Festival season will be upon us soon – Coachella, Osheaga, and the newly announced Way Home are just a few examples of exciting music festivals that will be taking place in the upcoming summer. But with festival season approaching, so is an onslaught of cultural appropriation.

Cultural appropriation is the act of taking a symbol belonging to a specific culture and making it your own for the purpose of aesthetic value, and it’s actually really, really racist. Bindis, dreads, feathered headdresses and other cultural symbols are often seen at music festivals. Bindis are a South-Asian symbol, dreads are a part of black culture, and feathered headdresses are part of the cultures of indigenous peoples. Why is this a problem? You might not know it, but often, people of the culture you’re borrowing from (and don’t belong to) experience harassment for trying to wear the same item.

Vanessa Hudgens, Selena Gomez, Iggy Azalea, and Miley Cyrus are our generation’s bindi-wearing non-South Asians (past generations can recall Gwen Stefani and Madonna doing it as well.) People tried to call Vanessa Hudgens out for wearing the bindi, and she laughed it off and continued appropriating South-Asian culture. Meanwhile, South-Asian girls continued to get harassed simply for being ‘brown’. New Jersey once had a gang in it called the “Dotbusters” that targeted and harassed South-Asians. The “dot” in their name refers to the bindi. Vanessa Hudgens did nothing for improving the welfare of brown girls. Variations of the bindi also have significance in the Hindu faith; it can be hurtful to people of South-Asian culture to see something so important to them treated like an accessory.
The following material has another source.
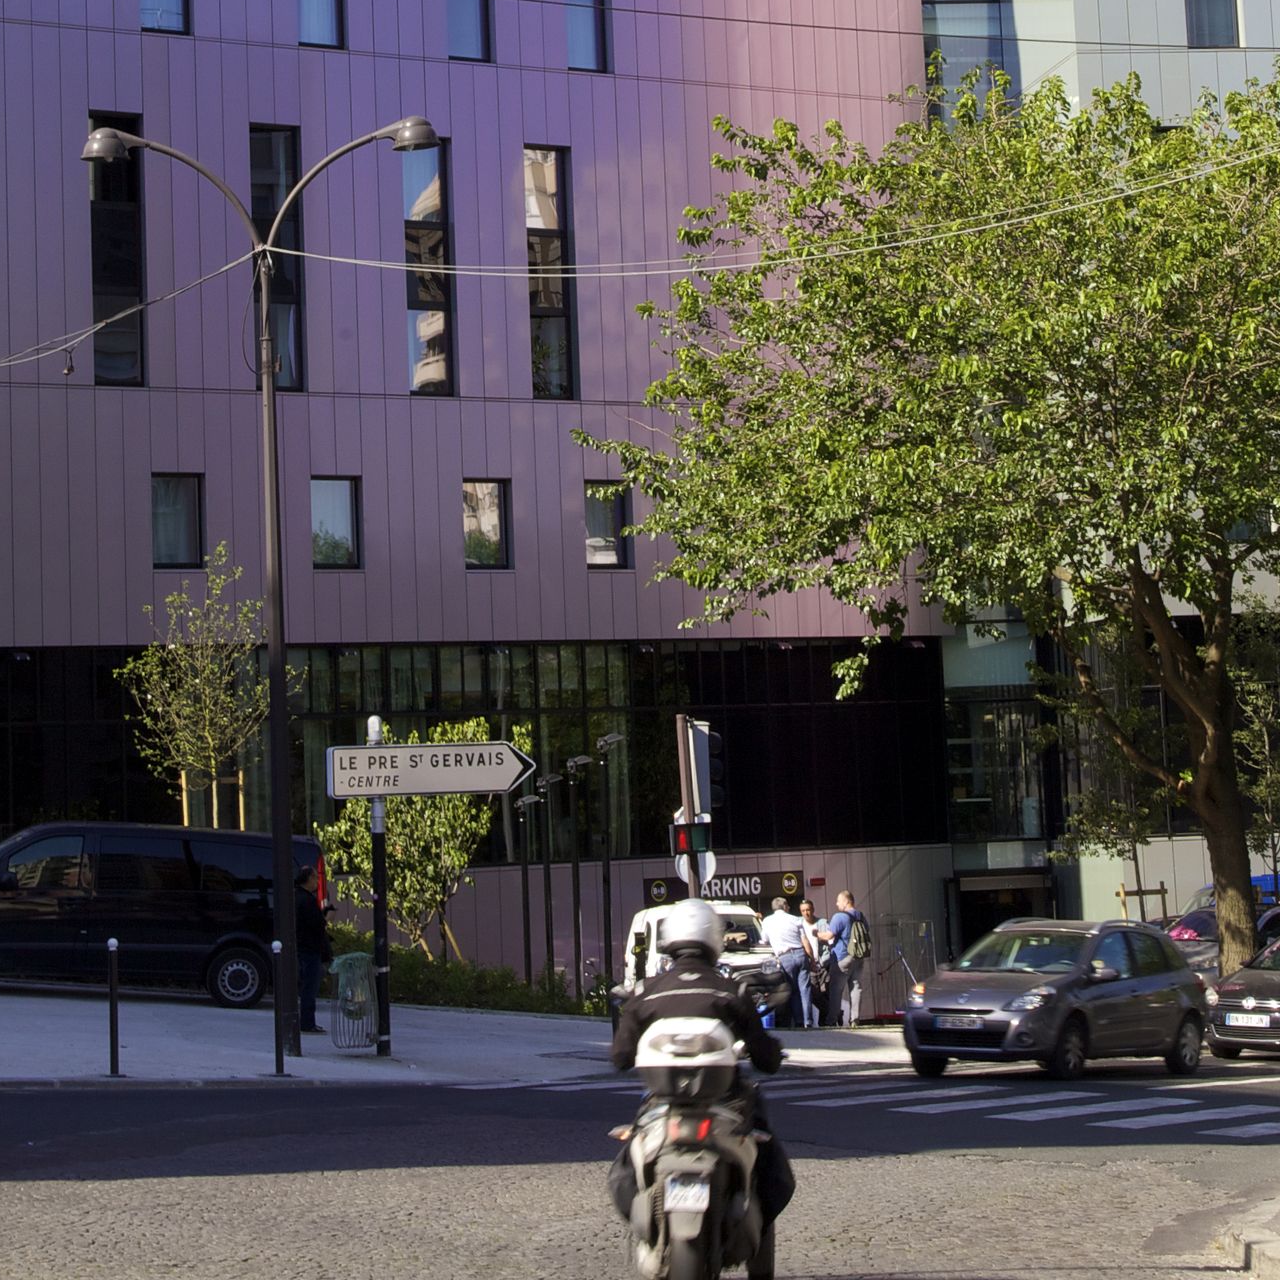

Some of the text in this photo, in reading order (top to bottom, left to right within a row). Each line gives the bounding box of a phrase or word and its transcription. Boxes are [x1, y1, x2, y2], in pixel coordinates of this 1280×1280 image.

[339, 756, 358, 771] LE
[368, 755, 399, 770] PRE
[430, 751, 505, 768] GERVAIS
[701, 876, 762, 898] ARKING
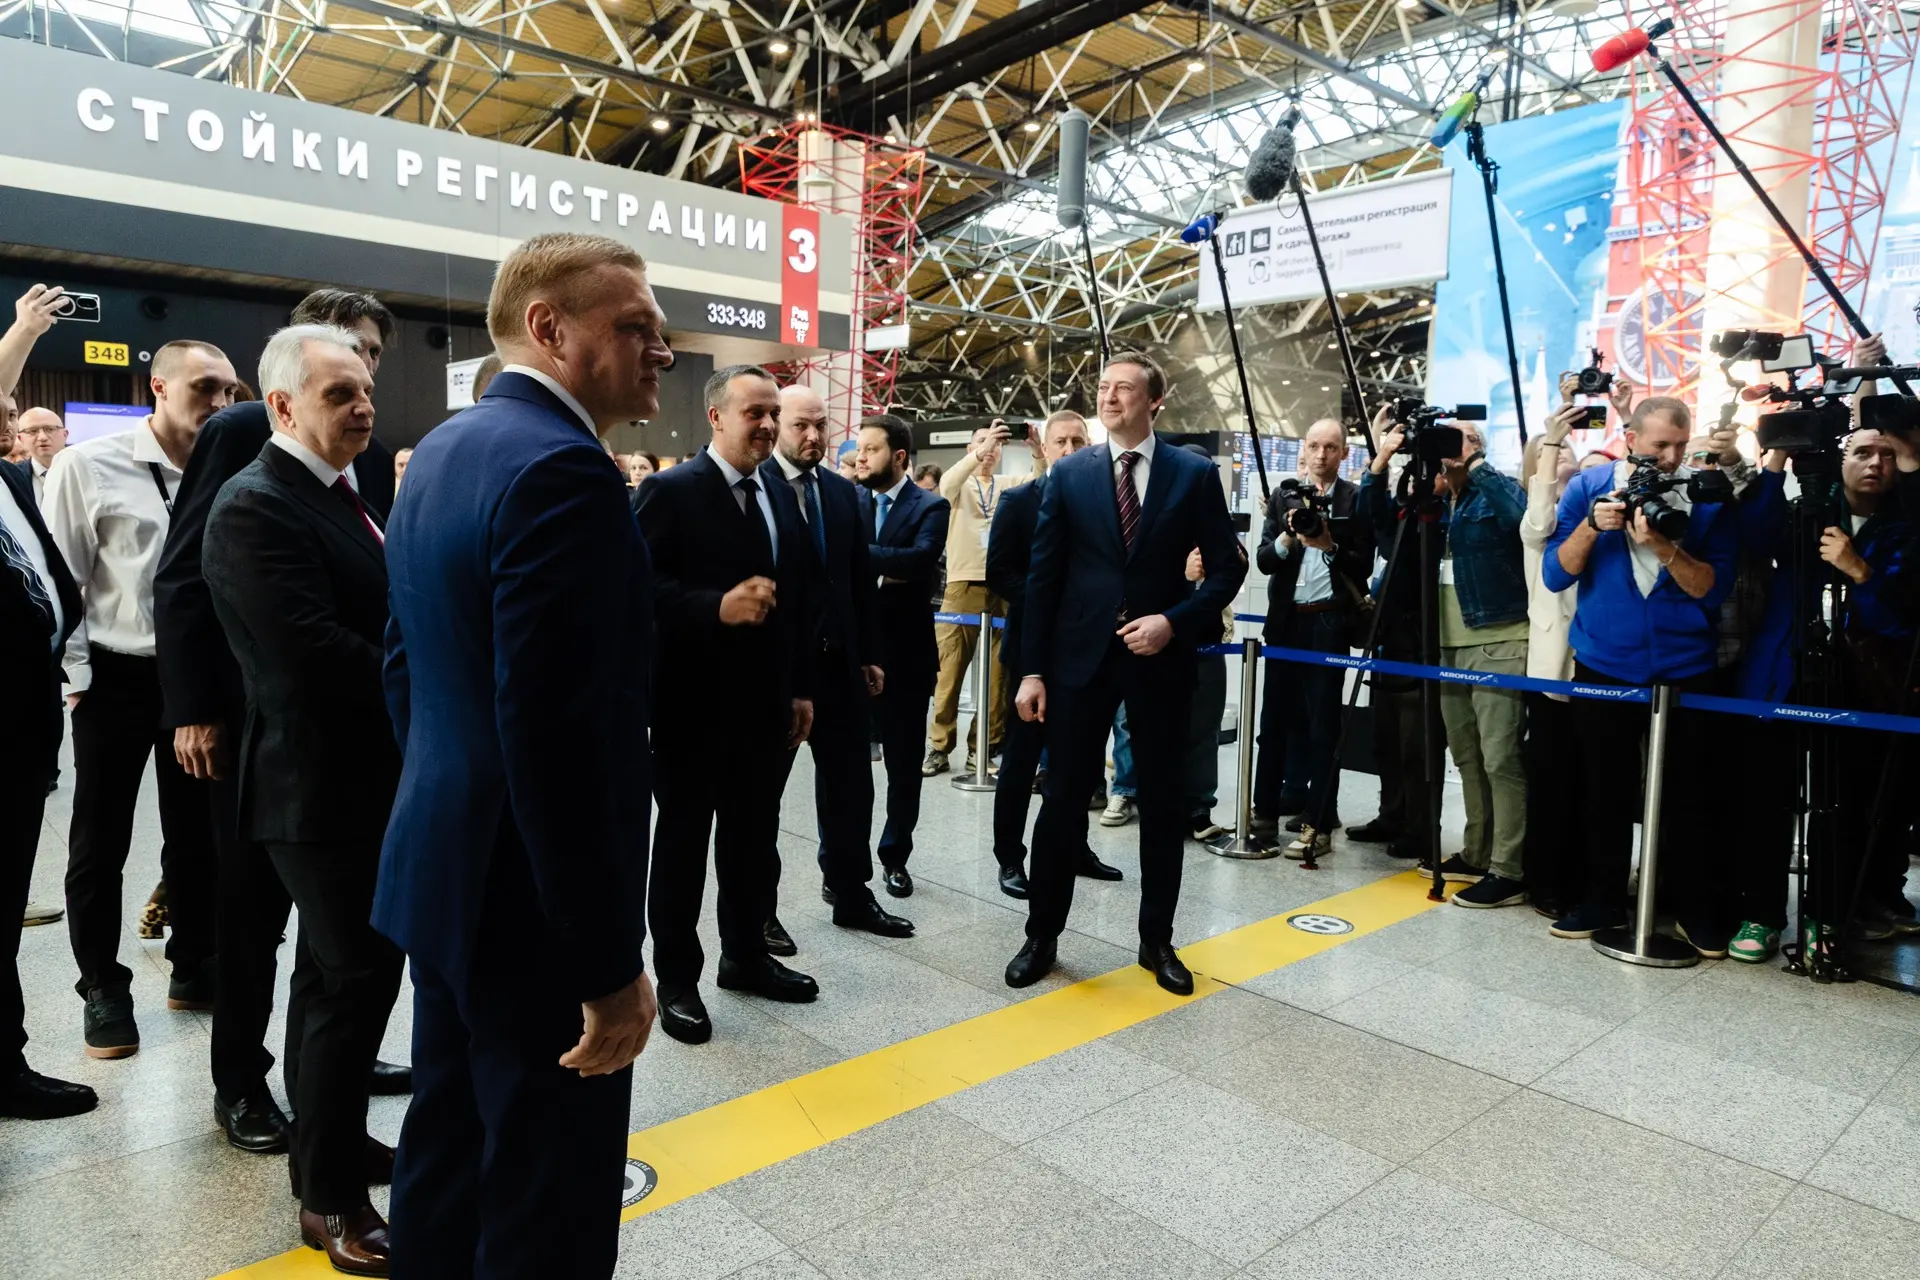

Kylie Jenner recently got dreads (and did blackface!) but Zendaya Coleman rocked dreads and was mocked, even though dreads are a part of black culture.

Dsquared2 released a Native-themed line of clothing for FW15, while hundreds of native-Canadian girls and women from Dan and Dean’s home country are missing and murdered and nothing is being done to find them (not to mention that the collection was called #DSquaw, a literal racist slur.) You yourself might not be racist and have nothing against people of colour, but you should know that by wearing or using cultural symbols outside of your culture, you are contributing to a huge system of hypocrisy in our society. Our society loves the things that people of colour wear, but doesn’t protect people of colour.

There are lots of other cute trends you can try out this festival season that are perfectly harmless – opt for a crop top, chunky platform sandals, jelly heels, or layer up necklaces. 70’s is huge this season – why not try a peasant dress or paisley palazzo pants? You are welcome to appreciate other cultures, but you don’t have to wear their symbols to show your appreciation; simply comment on how beautiful bindis, dreads, henna, headdresses, etc. are, and move on. Enjoy your festival season, and let others enjoy theirs as well by making sure that you aren’t crossing the line when it comes to your choices in fashion. Before you can think of taking it upon yourself to ‘share’ elements of another culture, think about what it means to them, how you are portraying it, and the social and moral ramifications of wearing something that may really be a lot more than ‘just a hairstyle’.